Britain’s National Security Council, chaired by outgoing Prime Minister Theresa May, discussed the issue in April and decided in principle to block Huawei from critical parts of the 5G network but give it limited access to less sensitive parts.
A final decision was supposed to have been included in a telecoms supply chain review published by Wright on Monday, but May’s resignation has stalled the process. She is due to hand over to her successor on Wednesday.
Wright said Britain could decide to ban Huawei from the 5G network completely, a move telecom operators have said would delay the roll out of services and significantly add to costs.
EE, the BT-owned (BT.L) market leader, launched its 5G network, which relies in part on Huawei’s equipment, in May. Vodafone (VOD.L) has also started UK 5G services, which offer speeds around 20 times faster than 4G and a leap in capacity that will allow millions more devices to be connected.
“It is of course a possibility and remains so that the government may decide that an outright ban on Huawei equipment in the 5G network is the appropriate course of action,” Wright said.
“All that I say today is that we are not yet in a position to make a comprehensive decision about that and as soon as we are then we will.”
The opposition Labour Party’s digital spokesman Tom Watson said a ban on Huawei products could “significantly delay the roll out of 5G technology that will underpin tomorrow’s economy”.
Wright said regulation to enforce cyber security risks had to be significantly strengthened and there had to be a wider range of suppliers to reduce reliance on just a single company in any one network.

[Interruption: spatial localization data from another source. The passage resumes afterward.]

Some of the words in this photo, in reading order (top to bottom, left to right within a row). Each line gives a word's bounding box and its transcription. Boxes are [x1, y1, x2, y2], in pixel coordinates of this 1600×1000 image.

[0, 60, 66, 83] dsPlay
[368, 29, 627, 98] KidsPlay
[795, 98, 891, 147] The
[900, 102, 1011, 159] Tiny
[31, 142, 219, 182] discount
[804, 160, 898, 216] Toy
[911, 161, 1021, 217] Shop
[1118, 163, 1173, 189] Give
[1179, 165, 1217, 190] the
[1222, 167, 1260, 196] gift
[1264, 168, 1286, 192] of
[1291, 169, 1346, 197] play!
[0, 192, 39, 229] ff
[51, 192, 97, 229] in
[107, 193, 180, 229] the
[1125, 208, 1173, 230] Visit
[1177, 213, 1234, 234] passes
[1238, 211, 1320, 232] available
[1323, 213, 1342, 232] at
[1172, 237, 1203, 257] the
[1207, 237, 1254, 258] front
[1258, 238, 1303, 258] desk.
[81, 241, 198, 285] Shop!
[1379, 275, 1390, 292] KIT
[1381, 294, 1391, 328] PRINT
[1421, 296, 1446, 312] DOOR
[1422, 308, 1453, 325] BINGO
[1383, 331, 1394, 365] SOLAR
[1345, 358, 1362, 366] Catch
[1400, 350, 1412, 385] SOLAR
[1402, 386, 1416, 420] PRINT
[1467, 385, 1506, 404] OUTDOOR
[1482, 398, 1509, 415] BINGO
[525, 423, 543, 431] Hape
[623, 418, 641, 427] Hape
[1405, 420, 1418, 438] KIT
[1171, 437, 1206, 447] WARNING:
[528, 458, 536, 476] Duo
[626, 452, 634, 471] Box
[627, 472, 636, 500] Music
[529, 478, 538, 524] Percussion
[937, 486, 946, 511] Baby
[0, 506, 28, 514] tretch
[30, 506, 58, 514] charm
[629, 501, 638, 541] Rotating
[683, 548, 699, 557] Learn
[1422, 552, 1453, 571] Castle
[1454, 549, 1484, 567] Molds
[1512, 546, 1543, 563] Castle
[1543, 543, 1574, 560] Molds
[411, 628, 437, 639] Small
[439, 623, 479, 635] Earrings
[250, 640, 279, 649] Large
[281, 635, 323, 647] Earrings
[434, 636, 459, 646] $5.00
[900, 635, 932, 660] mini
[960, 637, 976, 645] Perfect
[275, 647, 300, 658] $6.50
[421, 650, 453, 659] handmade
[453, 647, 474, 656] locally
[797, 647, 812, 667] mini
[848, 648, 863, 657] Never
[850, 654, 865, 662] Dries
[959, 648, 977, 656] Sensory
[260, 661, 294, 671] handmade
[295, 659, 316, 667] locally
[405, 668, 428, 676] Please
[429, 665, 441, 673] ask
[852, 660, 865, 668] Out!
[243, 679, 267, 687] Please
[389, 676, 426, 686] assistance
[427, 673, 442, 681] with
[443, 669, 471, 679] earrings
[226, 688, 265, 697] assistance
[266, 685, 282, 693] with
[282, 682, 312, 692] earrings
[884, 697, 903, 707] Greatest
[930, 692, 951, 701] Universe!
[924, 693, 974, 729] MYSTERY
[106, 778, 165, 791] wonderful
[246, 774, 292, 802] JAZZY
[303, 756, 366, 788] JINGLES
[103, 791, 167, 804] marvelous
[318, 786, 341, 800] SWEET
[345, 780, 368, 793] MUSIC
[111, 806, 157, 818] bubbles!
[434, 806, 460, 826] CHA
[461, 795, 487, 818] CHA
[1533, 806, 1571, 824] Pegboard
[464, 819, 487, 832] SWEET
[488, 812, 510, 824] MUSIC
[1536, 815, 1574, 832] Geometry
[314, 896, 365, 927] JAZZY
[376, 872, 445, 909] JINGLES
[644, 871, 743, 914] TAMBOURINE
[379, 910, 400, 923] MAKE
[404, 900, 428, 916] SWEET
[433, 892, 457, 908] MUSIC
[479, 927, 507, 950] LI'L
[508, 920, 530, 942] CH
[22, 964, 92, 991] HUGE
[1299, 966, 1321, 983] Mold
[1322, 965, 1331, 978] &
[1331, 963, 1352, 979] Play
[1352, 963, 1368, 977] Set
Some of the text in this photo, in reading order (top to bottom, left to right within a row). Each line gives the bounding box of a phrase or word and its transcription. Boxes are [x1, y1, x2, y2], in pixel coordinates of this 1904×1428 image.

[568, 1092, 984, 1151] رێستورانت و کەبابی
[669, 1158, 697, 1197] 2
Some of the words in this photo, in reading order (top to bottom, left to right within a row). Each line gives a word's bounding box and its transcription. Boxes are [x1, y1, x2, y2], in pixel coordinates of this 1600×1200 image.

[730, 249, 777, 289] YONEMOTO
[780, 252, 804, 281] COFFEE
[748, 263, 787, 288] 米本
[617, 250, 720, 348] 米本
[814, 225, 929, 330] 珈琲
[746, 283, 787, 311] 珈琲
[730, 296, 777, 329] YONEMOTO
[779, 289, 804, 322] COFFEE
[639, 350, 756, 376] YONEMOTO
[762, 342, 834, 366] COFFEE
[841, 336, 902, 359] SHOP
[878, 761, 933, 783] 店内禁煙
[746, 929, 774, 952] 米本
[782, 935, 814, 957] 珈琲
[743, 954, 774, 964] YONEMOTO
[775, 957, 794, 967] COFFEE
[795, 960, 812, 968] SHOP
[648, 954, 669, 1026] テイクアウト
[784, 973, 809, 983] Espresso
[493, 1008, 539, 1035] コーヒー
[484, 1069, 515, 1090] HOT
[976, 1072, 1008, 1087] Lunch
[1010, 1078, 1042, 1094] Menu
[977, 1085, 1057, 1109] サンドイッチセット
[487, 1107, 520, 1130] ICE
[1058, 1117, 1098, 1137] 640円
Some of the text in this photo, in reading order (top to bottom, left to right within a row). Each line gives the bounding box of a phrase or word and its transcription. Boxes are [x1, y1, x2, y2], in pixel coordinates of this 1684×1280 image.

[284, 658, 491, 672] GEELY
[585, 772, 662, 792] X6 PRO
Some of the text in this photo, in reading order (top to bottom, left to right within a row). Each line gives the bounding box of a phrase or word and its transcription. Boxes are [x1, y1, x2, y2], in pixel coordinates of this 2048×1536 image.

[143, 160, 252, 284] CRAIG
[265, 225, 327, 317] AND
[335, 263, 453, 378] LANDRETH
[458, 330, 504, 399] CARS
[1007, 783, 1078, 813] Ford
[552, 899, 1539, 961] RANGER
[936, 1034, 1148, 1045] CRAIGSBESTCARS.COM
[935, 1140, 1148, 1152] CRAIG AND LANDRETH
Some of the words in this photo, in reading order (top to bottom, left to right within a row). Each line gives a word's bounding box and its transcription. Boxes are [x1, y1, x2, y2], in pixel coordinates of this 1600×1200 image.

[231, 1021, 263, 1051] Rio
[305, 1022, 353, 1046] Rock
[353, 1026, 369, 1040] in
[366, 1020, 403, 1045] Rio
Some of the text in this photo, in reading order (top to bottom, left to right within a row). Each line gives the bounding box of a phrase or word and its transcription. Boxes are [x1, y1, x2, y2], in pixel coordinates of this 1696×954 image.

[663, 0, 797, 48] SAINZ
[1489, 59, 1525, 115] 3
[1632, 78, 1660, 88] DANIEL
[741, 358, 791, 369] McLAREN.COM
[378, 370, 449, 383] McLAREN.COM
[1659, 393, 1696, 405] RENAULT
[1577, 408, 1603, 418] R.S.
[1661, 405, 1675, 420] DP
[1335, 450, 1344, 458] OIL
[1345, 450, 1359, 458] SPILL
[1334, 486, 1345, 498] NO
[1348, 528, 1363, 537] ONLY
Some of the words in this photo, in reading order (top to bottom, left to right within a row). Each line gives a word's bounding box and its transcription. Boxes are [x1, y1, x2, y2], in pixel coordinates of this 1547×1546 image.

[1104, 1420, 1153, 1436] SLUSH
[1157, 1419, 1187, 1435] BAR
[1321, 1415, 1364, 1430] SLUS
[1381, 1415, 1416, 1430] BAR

The aims would be underpinned by new legislation, Wright said, adding that until new laws were passed telecom operators would be asked to comply on a voluntary basis.
Huawei said the review gave it confidence that it could continue to work with British network operators to roll out 5G.
“The findings are an important step forward for 5G and full fiber broadband networks in the UK and we welcome the government’s commitment to ‘a diverse telecoms supply chain’ and ‘new legislation to enforce stronger security requirements in the telecoms sector’,” Vice President Victor Zhang said.
“After 18 years of operating in the UK, we remain committed to supporting BT, EE, Vodafone and other partners build secure, reliable networks,” he said in a statement.